Chapter 16

‘Get on with it, then,’ says Tilly, her grin sliding from smug to delighted.

She’s holding out a pile of sparkly fabric.

‘Pants! Ladies’ underwear!’ screams the cockatoo from its cage.

We’re behind the curtains on the stage at the town hall. At the back are all the pantomime costumes ever worn and Tilly’s been having a ball rustling through them while Mum and Dad crash around decorating the stage along a solar-system theme for the night of ‘magical mayhem’ to come. They’ve stuck paper stars and planets all over the walls.

It looks awful.

‘A tutu? I’m not wearing that,’ I say, opening the curtains a little and peering out at the hall. It’s filling up; families drift into the seats. I glance around to see who I recognise. There are loads of people from school. I wish they’d all go away.

Mr and Mrs Worthy come and sit in the front row looking keen. Mr Worthy’s got a notepad, as if he’s going to learn some techniques from Dad. I could tell him now, they won’t be any good.

‘These?’ Tilly nudges my back with a pair of white rabbit ears.

I ignore her. Jacob, Eric and Eric’s dad come in and sit near the front. Jacob’s eating Sphinx Bursts straight from the tube. Did he have to come? I scan the seats to see who else I’m going to have to avoid for the rest of the summer.

There’s Lily Lee, sitting by a man I’ve never seen before. Is that Professor Lee? I’d thought he’d be in a lab coat with nerdy glasses and wild hair. But he doesn’t look like that at all. He’s wearing jeans, he’s bearded, and he seems quite ordinary – apart from the safety goggles on his head. But I suppose that’s quite ordinary for someone who steals rock.

‘Tom,’ says Tilly. ‘Would you like to change your mind? Will you shrink something for me? Or shall I make Mum make you wear this?’ She holds out a skanky hot-dog costume. ‘Or this?’ An orange mushroom hat with big eyes on the top. ‘Or even this?’ A monkey suit. She smirks and flounces back to the pantomime rail, humming.

I’d imagined that I could dress like Dad, in a black tail suit with a flower in my buttonhole. But that obviously isn’t going to happen.

‘Tom did it! Tom did it!’ yells the cockatoo.

I peer back through the curtains. Professor Lee is holding something in his hands, flipping it between one palm and the other.

I stare hard. For several minutes.

A meteorite, he’s holding a meteorite. Not the shiny rock mined out of the castle, but a stone that’s fallen through the atmosphere, singed and rounded by friction.

I study it again, in case I’m wrong. But I’m not, it’s a meteorite.

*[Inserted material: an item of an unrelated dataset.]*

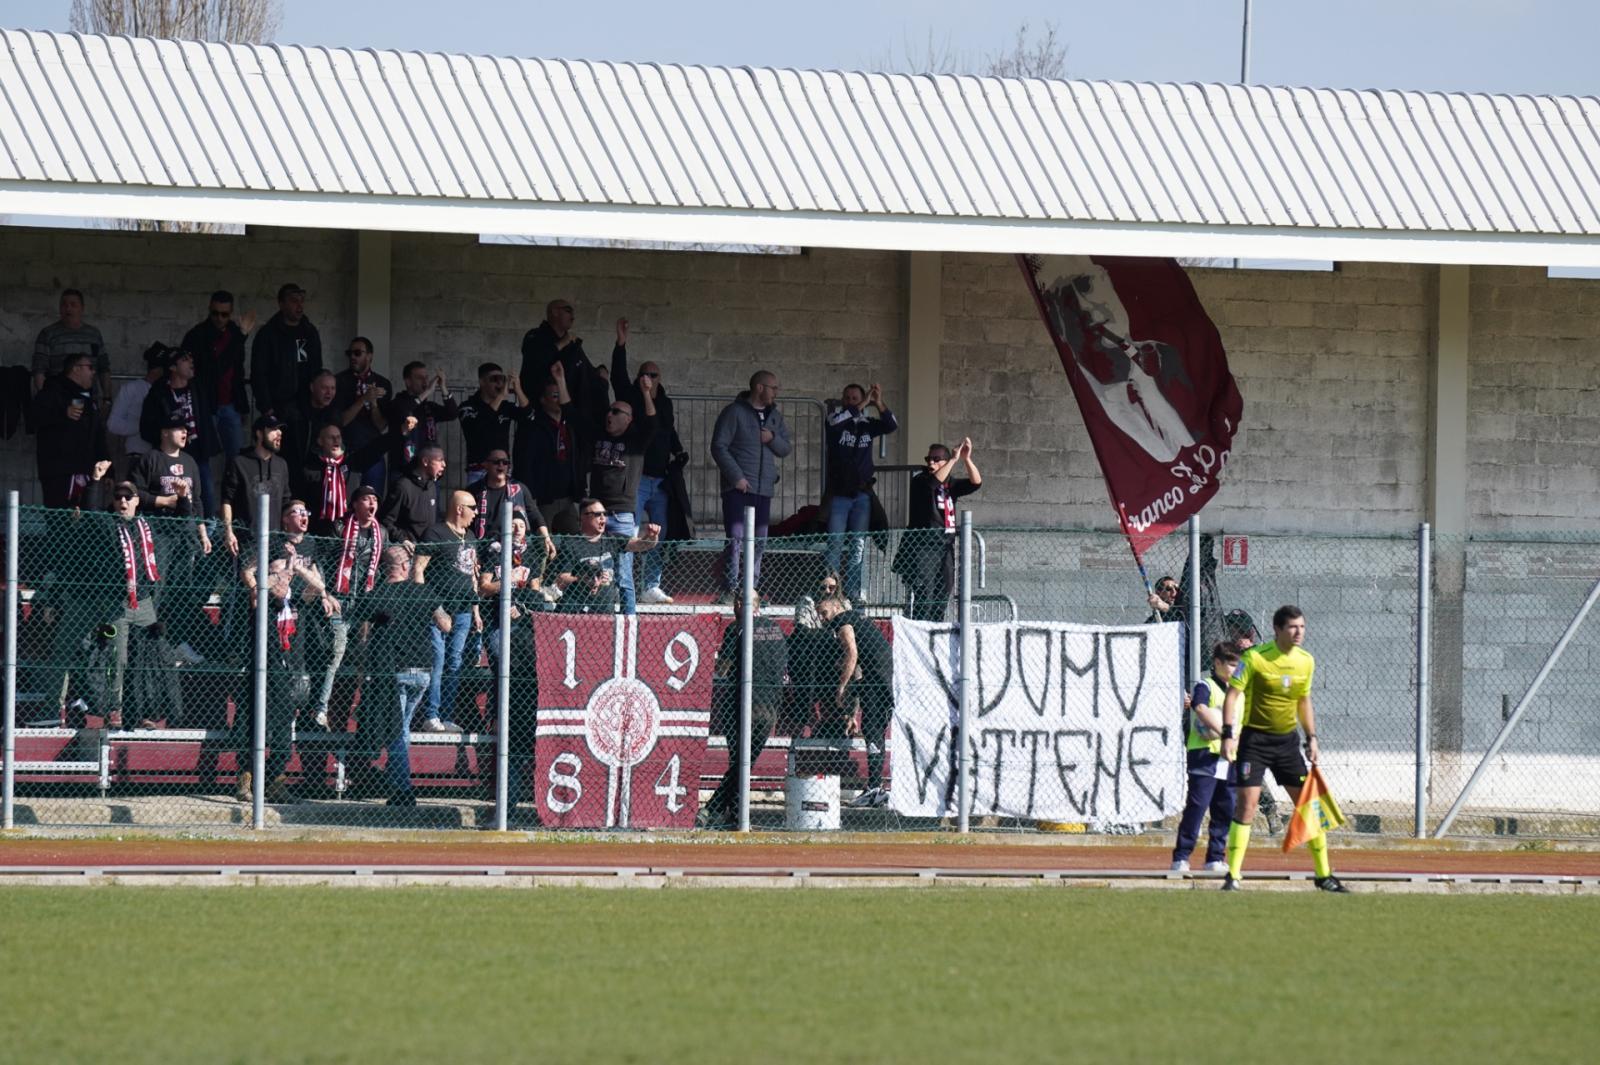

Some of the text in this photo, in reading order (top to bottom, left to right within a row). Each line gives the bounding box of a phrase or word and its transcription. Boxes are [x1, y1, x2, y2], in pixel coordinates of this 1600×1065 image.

[559, 629, 700, 692] 1 9
[546, 752, 687, 814] 8 4

Oh no – I really need to talk to Eric about this.

‘Tom!’ Mum’s voice from behind me. ‘We’ve run out of time – you’ll have to wear this. They’re all the rage – or at least they were last Christmas. You’ll look great.’

She crams me into a leopard-print onesie studded with moons and stars. ‘Tilly, quick, the face paint.’

Tilly plasters my face with red and yellow paint and makes me look like a pizza. ‘Nice,’ she says, with a smirk. ‘Very nice.’

And the curtains open.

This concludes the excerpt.